Поняв по тону, что я больше не сержусь она по-женски за это поблагодарила. Это конечно хорошо вот только жрать еще сильнее хотелось.
— Я домой, — уведомил я девушку. Она реветь, за руки хватает.
— Завтра приду, — пытаюсь утешить.
— Я работать, ночь, — отвечает заплаканная Инь
— Чего?! — возмущенно ору я
— Работать, ночь, — повторяет она, и все ревет не переставая.
Беру ее за руки и в бешенстве волоку за собой по коридору к вьетнамскому коммунисту, руководителю и сутенеру. Без стука вламываюсь к нему в комнату и сразу рычать:
— Ты гондон штопаный! Да я тебя сейчас самого вы…бу! Я тебе всё наизнанку выверну! Не трогай девчонку!
Вьетнамский товарищ, отдыхавший на широкой кровати, вскакивает. Щуплый, маленький в длинных синих сатиновых трусах. Встав, он, вероятно поняв меня буквально, испуганно закрыл ручками ягодицы. Я подскакиваю к нему с ярым желанием набить морду и уже подношу кулак к его сморщившемуся лицу
— Тварищ? — в ужасе коверкает русский язык азиатский мужичонка и отшатывается.
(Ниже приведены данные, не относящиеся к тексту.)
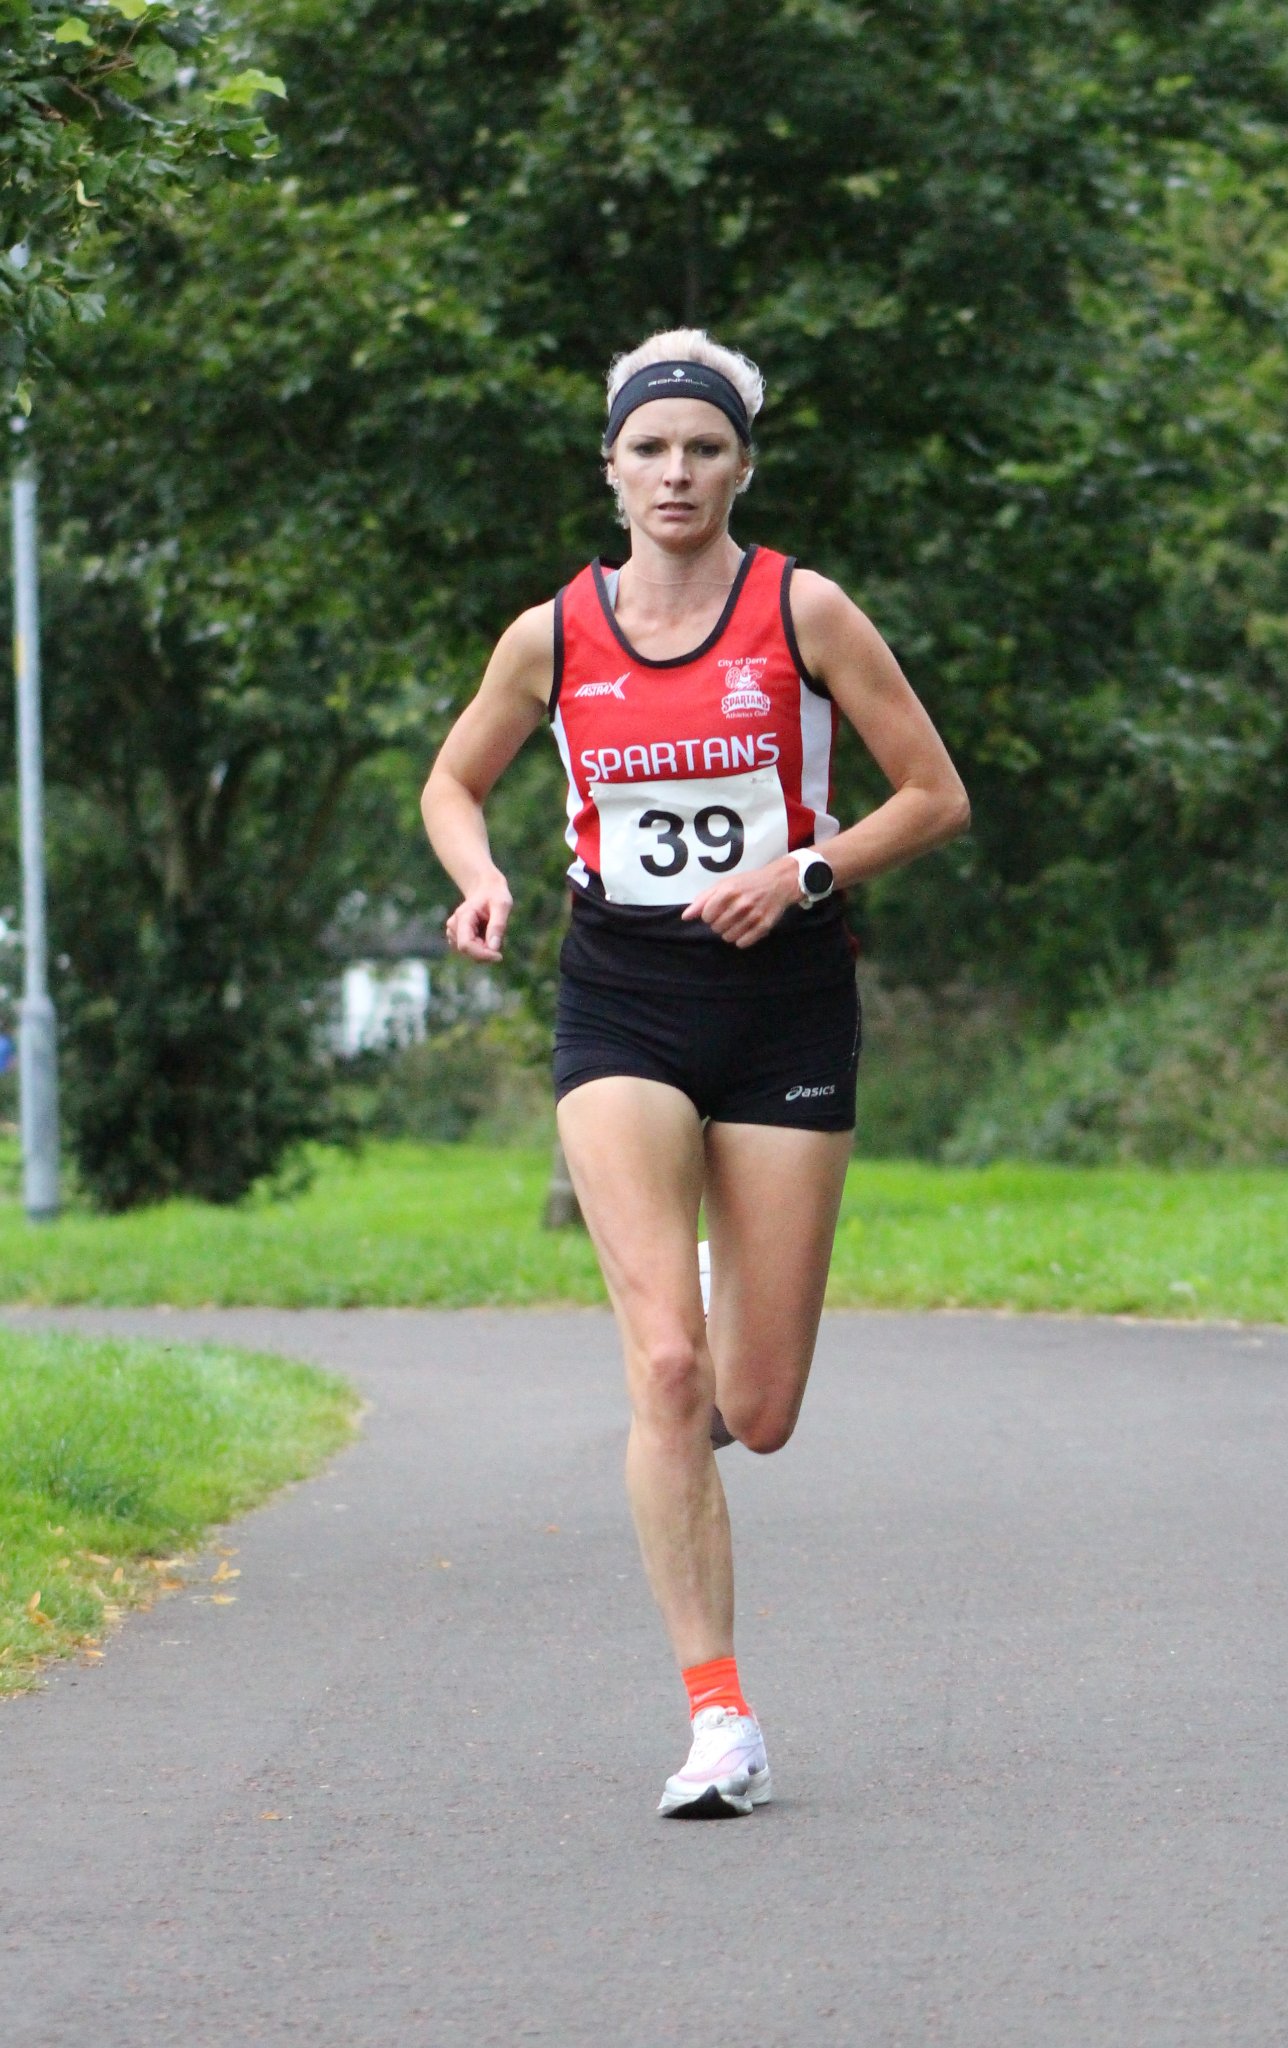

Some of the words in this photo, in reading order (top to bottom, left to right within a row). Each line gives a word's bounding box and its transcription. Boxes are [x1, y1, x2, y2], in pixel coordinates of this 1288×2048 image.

[718, 659, 733, 668] City
[735, 657, 743, 666] of
[746, 656, 767, 665] Derry
[723, 695, 768, 712] SPARTANS
[580, 733, 780, 782] SPARTANS
[639, 805, 745, 877] 39
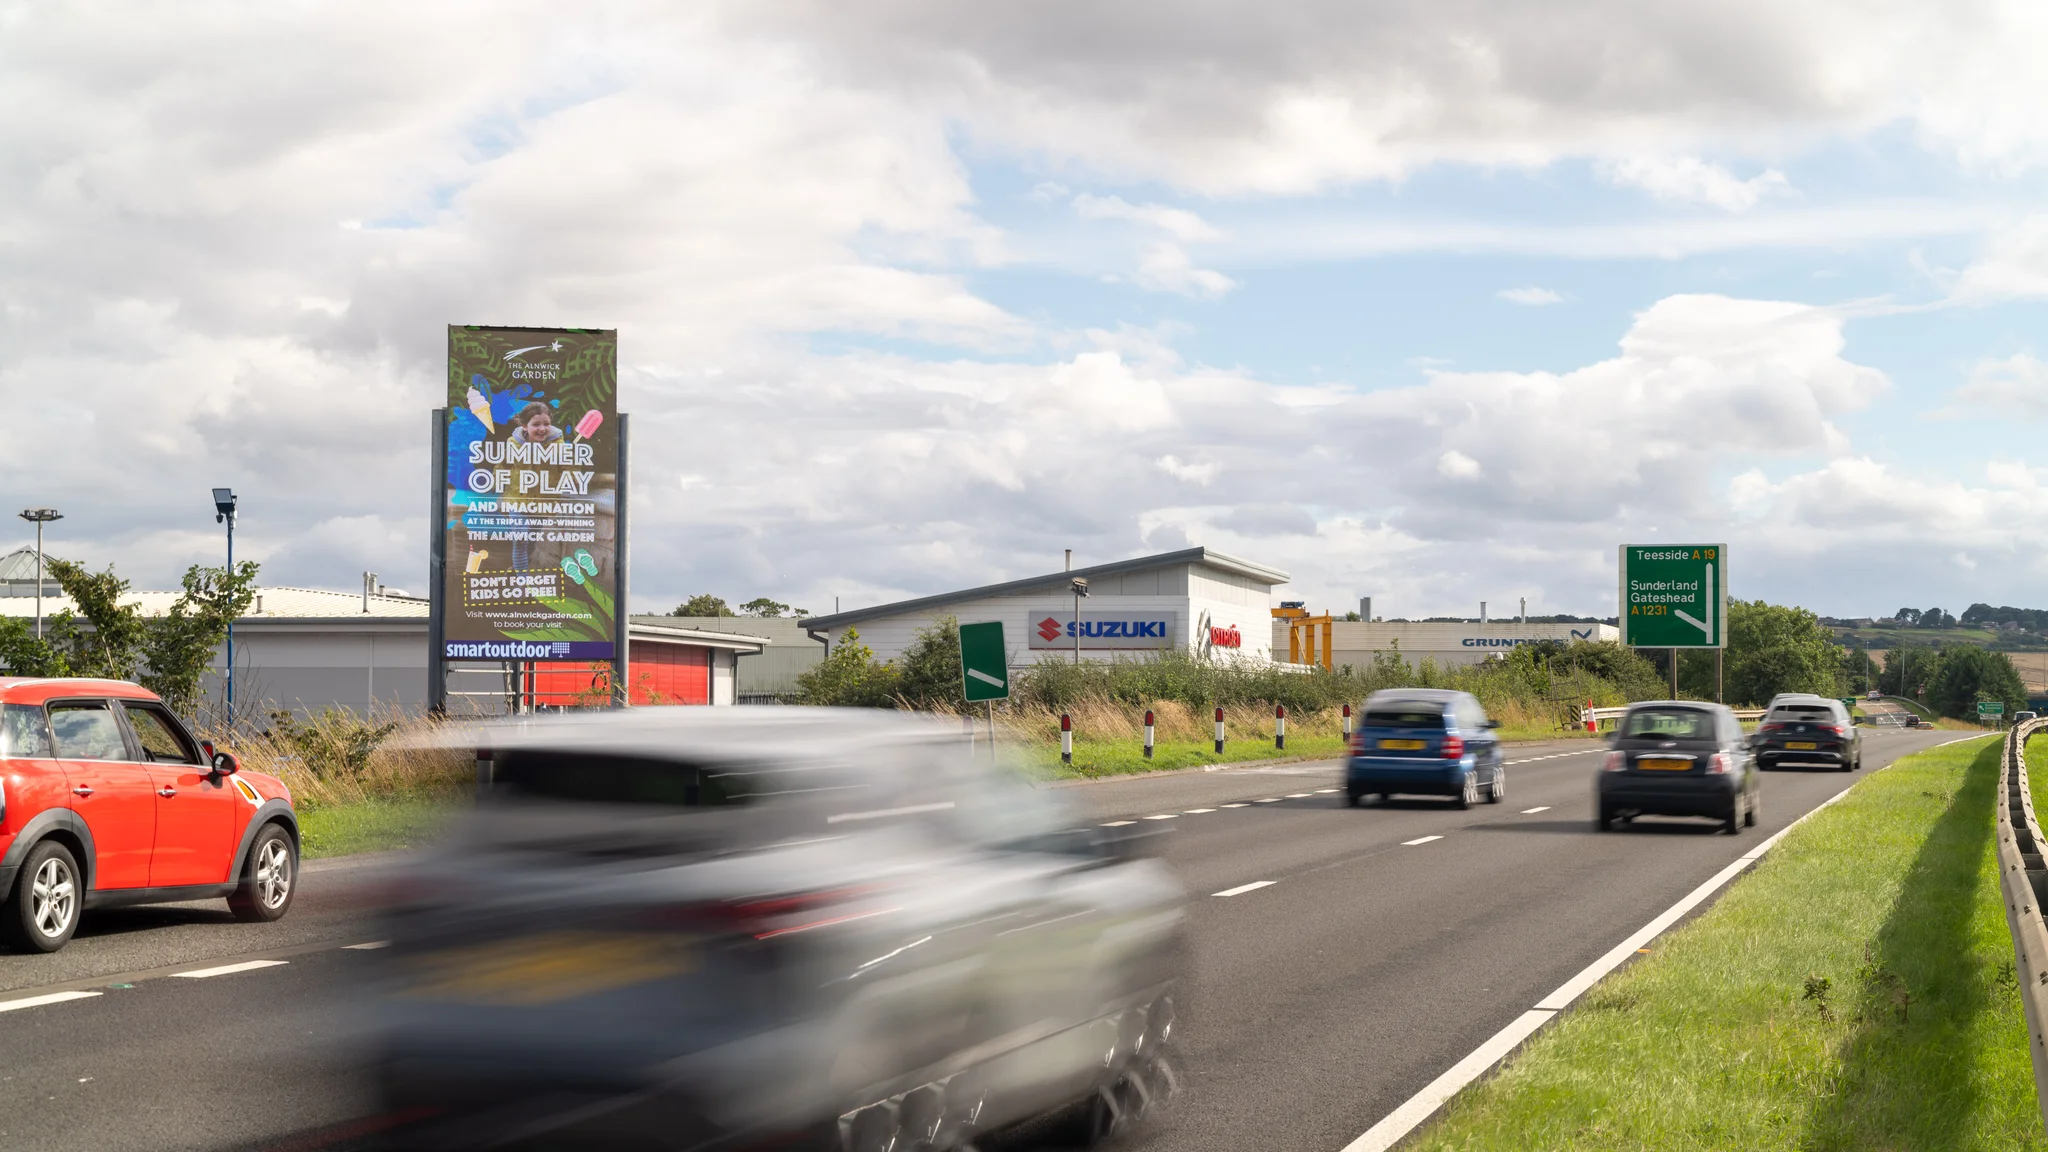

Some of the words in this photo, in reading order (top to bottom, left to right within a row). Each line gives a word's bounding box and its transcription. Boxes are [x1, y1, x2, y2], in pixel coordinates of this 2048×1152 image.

[512, 370, 556, 380] GARDEN
[469, 440, 594, 466] SUMMER
[468, 469, 511, 494] OF
[519, 470, 595, 495] PLAY
[467, 501, 498, 512] AND
[501, 501, 595, 514] IMAGINATION
[467, 517, 478, 525] AT
[524, 518, 595, 527] AWARD-WINNING
[467, 530, 488, 541] THE
[490, 531, 545, 542] ALNWICK
[547, 532, 595, 542] GARDEN
[1637, 550, 1689, 560] Teesside
[1692, 549, 1701, 560] A
[1703, 549, 1716, 560] 19
[470, 576, 508, 588] DON'T
[509, 574, 557, 586] FORGET
[1630, 580, 1698, 591] Sunderland
[470, 588, 500, 600] KIDS
[502, 587, 523, 599] GO
[525, 586, 557, 598] FREE!
[1630, 592, 1695, 603] Gateshead
[485, 611, 592, 620] www.alnwickgarden.com
[1631, 605, 1639, 616] A
[1642, 605, 1667, 616] 1231
[526, 622, 544, 630] your
[1066, 621, 1166, 638] SUZUKI
[446, 640, 552, 658] smartoutdoor
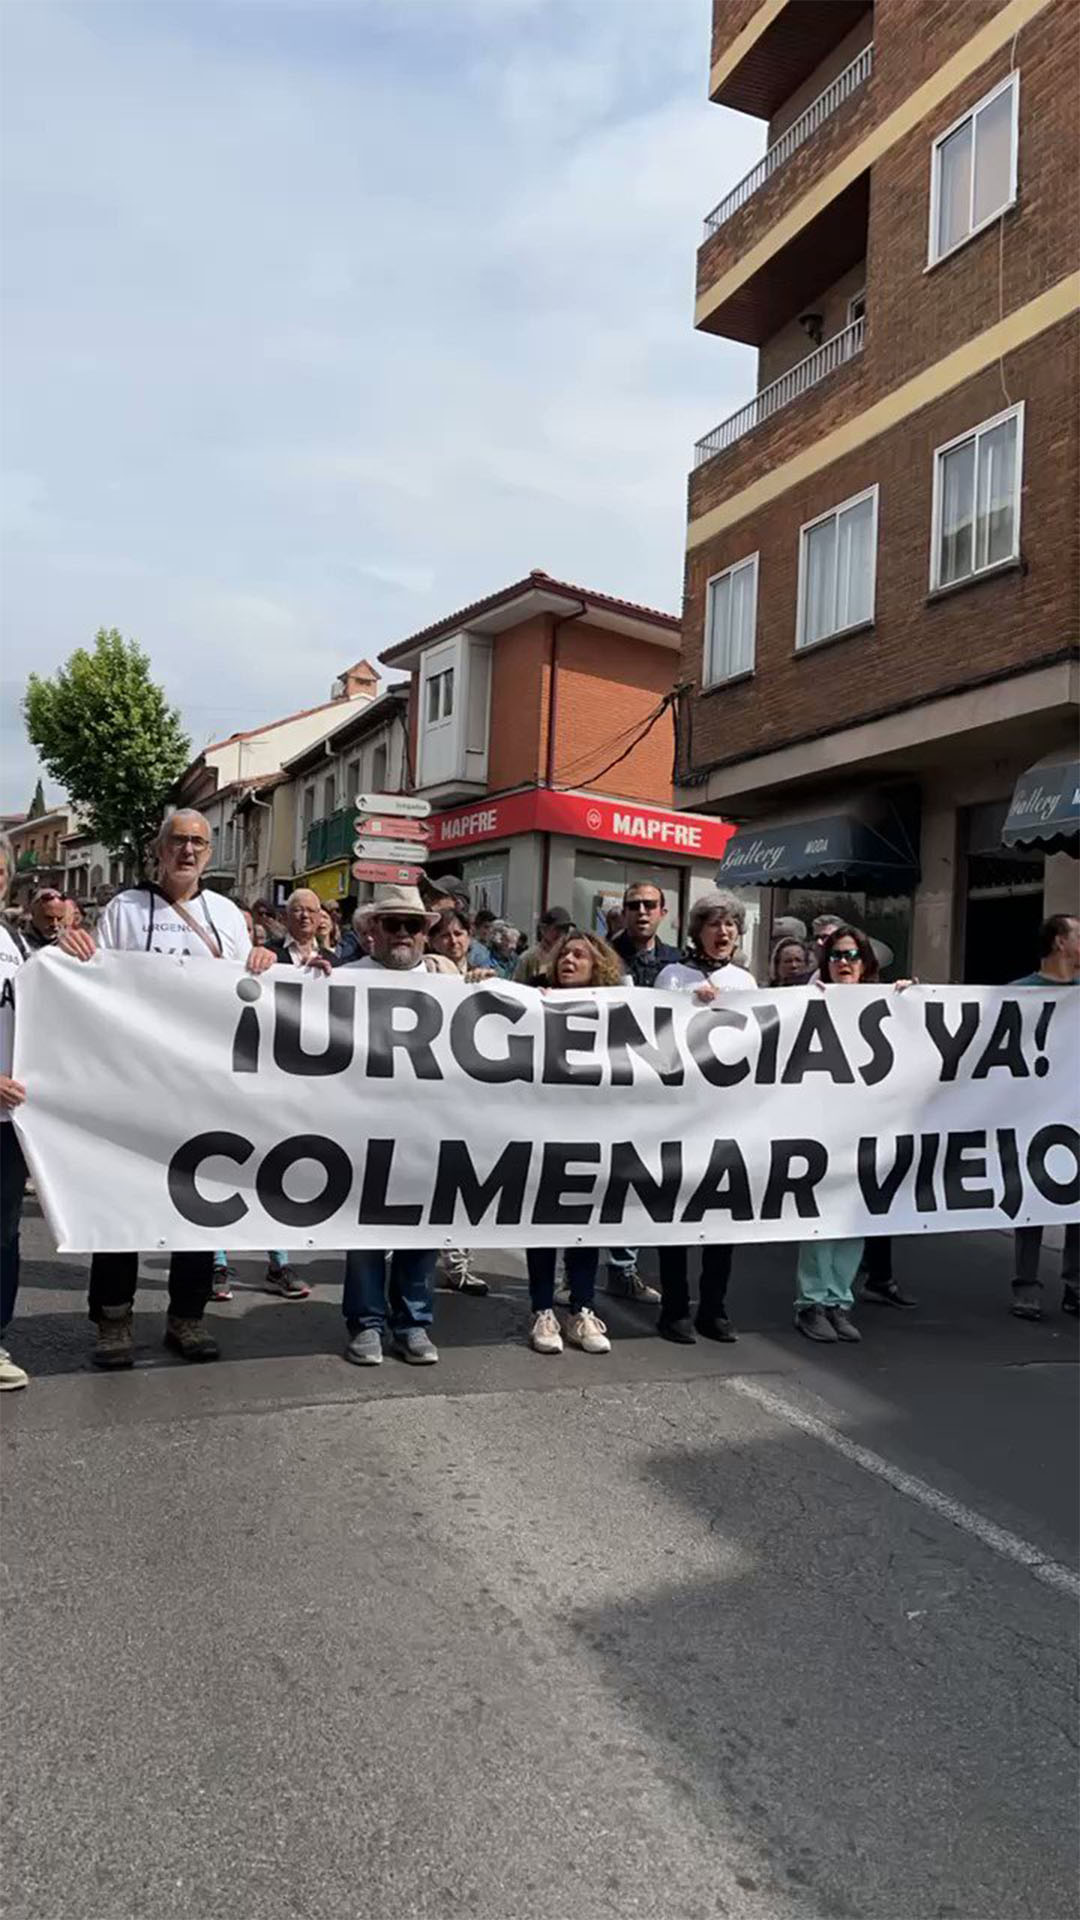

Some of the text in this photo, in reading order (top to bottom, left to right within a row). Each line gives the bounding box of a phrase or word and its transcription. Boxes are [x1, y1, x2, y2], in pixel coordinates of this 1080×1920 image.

— Ты разэтакий! Лапы убрал! — от кровати доносится женский голос, уверенно прозвучавший с безукоризненно русской матерной интонацией.
— А? — в замешательстве опускаю руки и отступаю от вьетнамца.
— На! — решительно отвечает женщина и закрывшись простыней вскакивает с кровати. Молодая, кареглазая, русоволосая, вся растрепанная, полная. Она прикрывает отступившего к ней маленького вьетнамца могучей грудью и сурово спрашивает:
— Чего надо?
Угрожающими матерными криками объясняю чего. Женщина смеется, вьетнамец облегченно улыбается, Инь за моей спиной хватает меня за руки.
— Ну ты и дурак! — дает мне лаконичную и предельно точную характеристику женщина и поправляя спадавшую простынь, объясняет:
— Подружка твоя, по графику в ночную смену на комбинате работает.
— Я никого не заставлять, — оправдываясь, лепечет индокитайский коммунист.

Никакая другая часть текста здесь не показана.